Leaning into the pain after a suicide loss is not easy to do. We find ourselves in a place we have never been before. The world around us suddenly feels unfamiliar. The people around us seem like strangers. After the shock wears off, and the distractions end, we find ourselves experiencing a new kind of pain. A pain that has more intensity than anything we have felt before. It is uncomfortable, it is unfamiliar, and it is scary. Our first instinct can be to run; to distract ourselves so we don’t have to feel the pain. Why would anyone want to feel the pain? The distractions work for awhile, but what I have found is that the pain always catches up to us. It doesn’t matter where we are, or what we are doing; the pain catches up. It might be weeks later, months later, or even years later, but the pain always catches up. On my own grief journey I have found that the only way to decrease the pain, is to feel it. I needed to lean into it, not run from it. It wasn’t easy, but this was the only way the get through it. So, if you find yourself running, know that I understand. This type of pain is not easy to feel. But to get to the other side, and I promise there is one, we have to lean into the pain.
jacqueline branch says
Thanks Jessica. It has been 25 months since my son left and I have felt the pain everyday, more so at first. The pain is still there but not as numbing as the first few months. I still cry and find crying actually helps release the pain.
Jessica says
We are so sorry for your loss. It certainly takes time to not only allow ourselves to feel the pain, but have the strength to. I think I will always cry. It just becomes much less frequent. And it absolutely helps release the pain!
Mrs. T. says
I very much appreciated this article today. From my own experience I found that leaning into the pain was scary and terribly sad at first but after so much “leaning” things began to be more tolerable. Thank you for the continued beneficial posts.
Jessica says
SO happy that our posts are beneficial to you during such a difficult time.
Lisa says
I’m coming up to my 11th monthof losing my 15 yr old daughter. I’ve ran to New Hampshire, then to the hospital for a few days, outpatient for 2 months (which helped so much) and just recently ran to Puerto Rico for 2 weeks. Those 2 weeks were so calming and peaceful. I felt so much better there. I swear, withing the 1st few hours of being home, it caught me. All i think about is going somewhere else.
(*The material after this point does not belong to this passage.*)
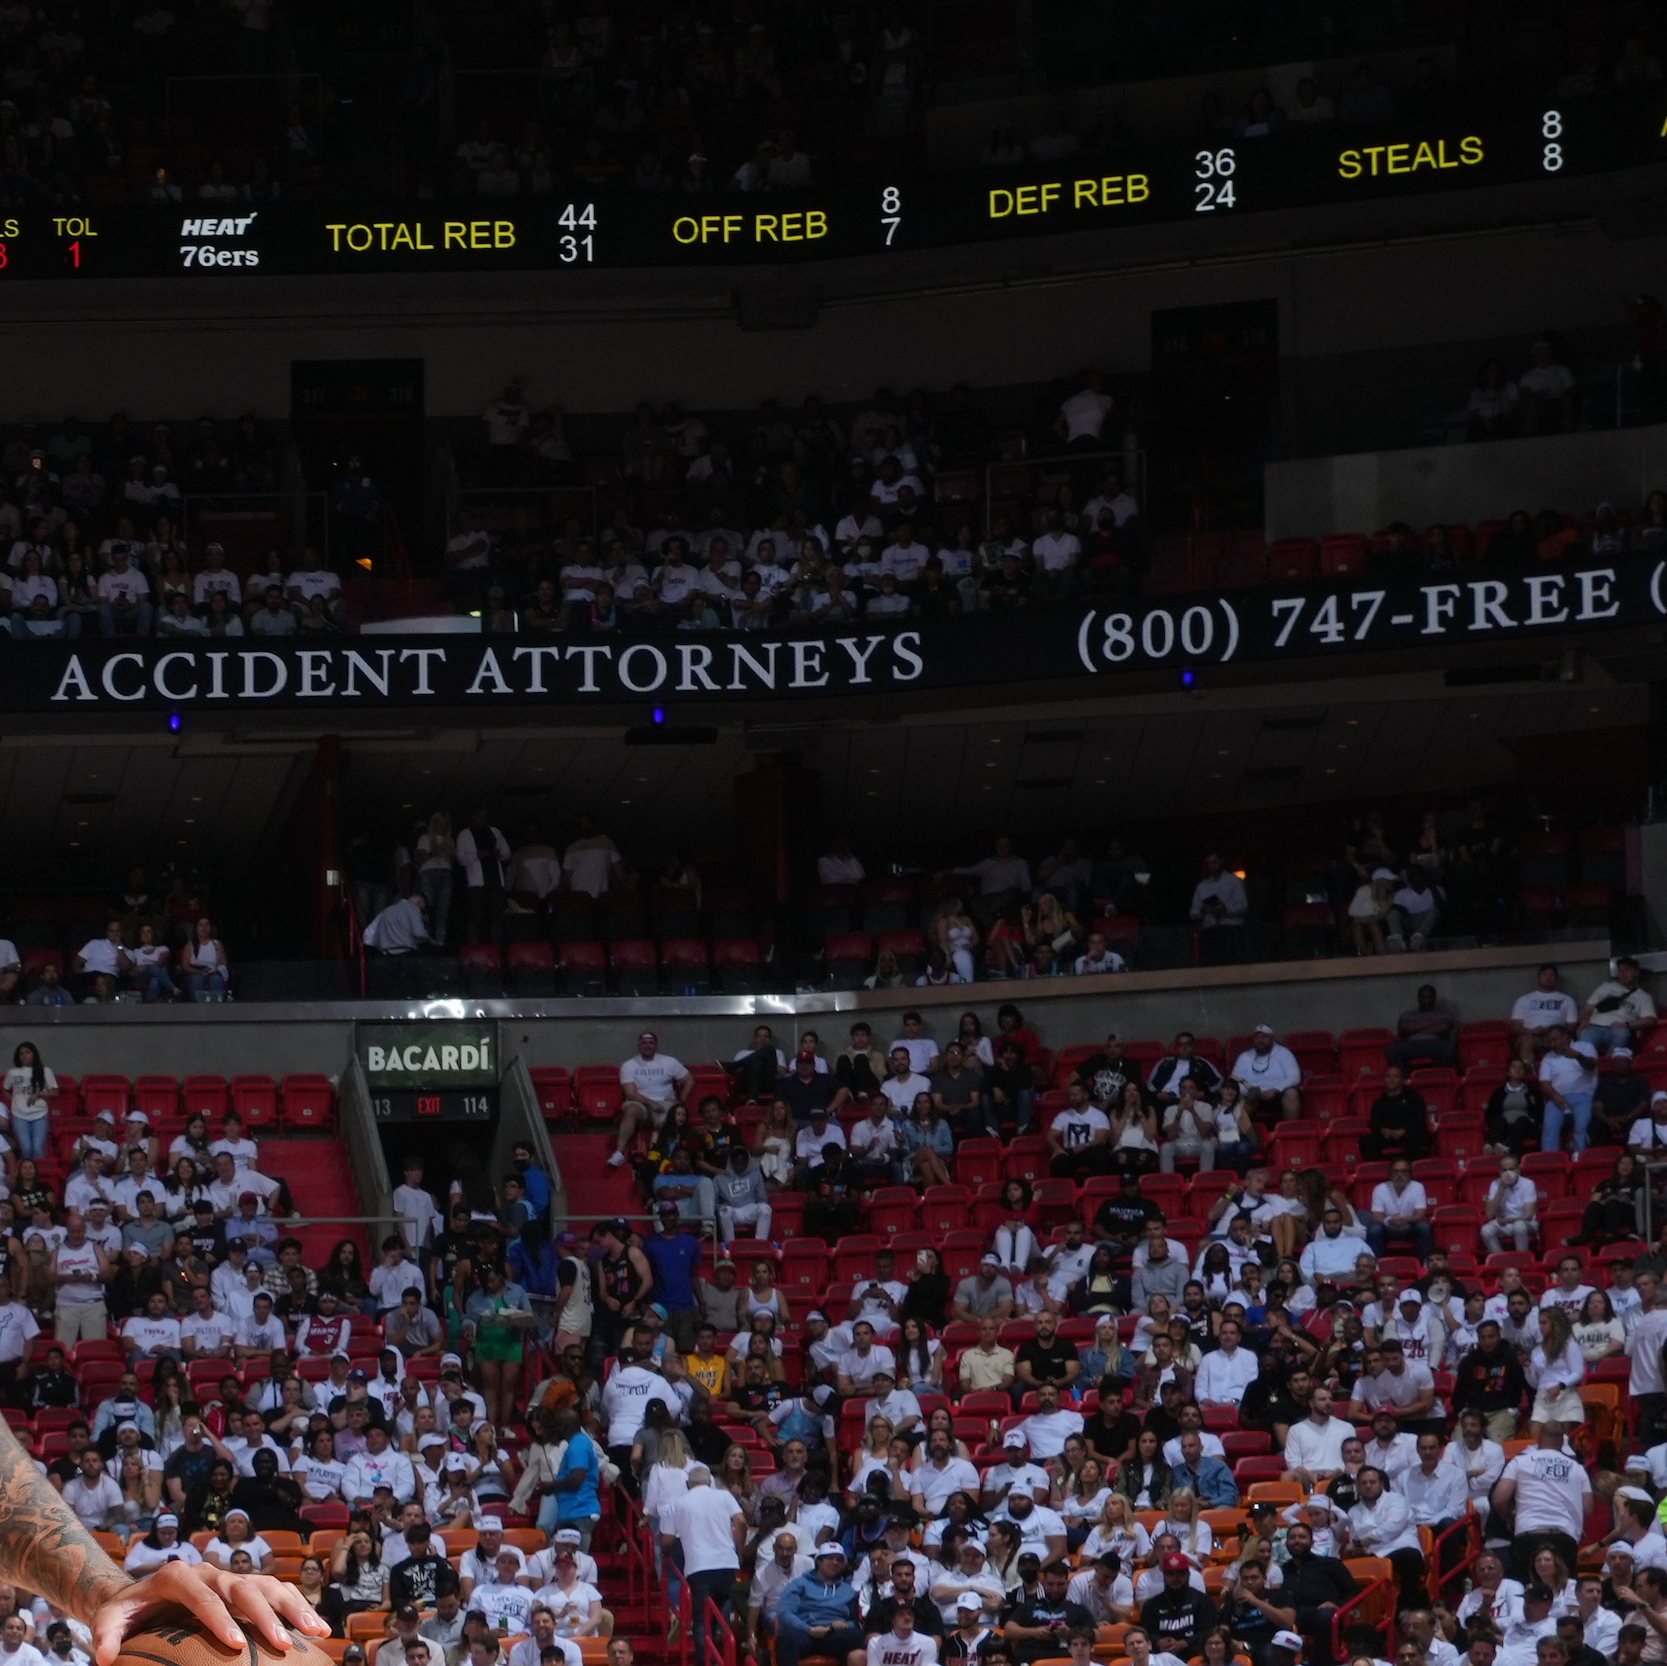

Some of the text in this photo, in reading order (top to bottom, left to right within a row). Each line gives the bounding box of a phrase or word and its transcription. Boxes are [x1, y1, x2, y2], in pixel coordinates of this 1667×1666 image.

I accept what happened and have made peace with my baby. I understand her pain..to an extent. I believe hers was so much more than mine now. But still, I think i have to run every few wks or I won’t make it. Does that make sense?
Jessica says
Yes, this makes sense. Sometimes the reality of our lives can be too much. Set realistic expectations for yourself, as it has only been 11 months. That isn’t a long time at all. Often society and those around us expect us to move forward in a timeframe that is simply not realistic.
Lisa says
Fortunately, I haven’t had the burden of being pressured to “move on”. I guess I’m in the fight or flight situation. I’ve never ran away from the dramas of my life. This, this is something I feel the need to run from on occasion. If not, I don’t feel I’d make it. I have a 5 yr old depending on me and he’s probably the only thing keeping me from running so far away where nobody can find me.
Thanks for the response. I’m doing better than most, per my therapists and doctors.
Aisha says
Thank you so much for this article. I lost my son a month ago and the pain at times is so hard I can’t breath. I have notice if I just feel the pain it does help and there are times now where it feels “better” after a good cry.
Dorothy Daus says
I lost my husband 2 months ago ,just 2 months after my Dad decided to end dialysis and I cared for him while he died,I still blame myself for both deaths sometimes I don’t think I can go on,I’m so lost and alone and the pain is consuming
Amanda says
Forgive my ignorance, I am not sure I fully grasp the saying “lean into the pain”. What do you mean?
I lost my father < 1month ago to suicide. Everyday I feel pain, and with my father in-law in his final days with cancer, my emotions are at a very high level, I cry everyday. I have plenty of people offering to help but I have no idea what help I need, so I just continue on.
Jessica says
Hi Amanda-
First off, we are so sorry for your loss. You do not sound ignorant at all. You just experienced a tragic loss. Right now the term “leaning into the pain” shouldn’t make sense. I truly believe this is more for someone who is further out in their grief. For example, I didn’t start “leaning” until the 10 month mark. Right now, your brain is just trying to make sense of what happened. All you should do right now is take care of yourself. The real grief work starts further down the road. Now is the time to be gentle and kind to yourself.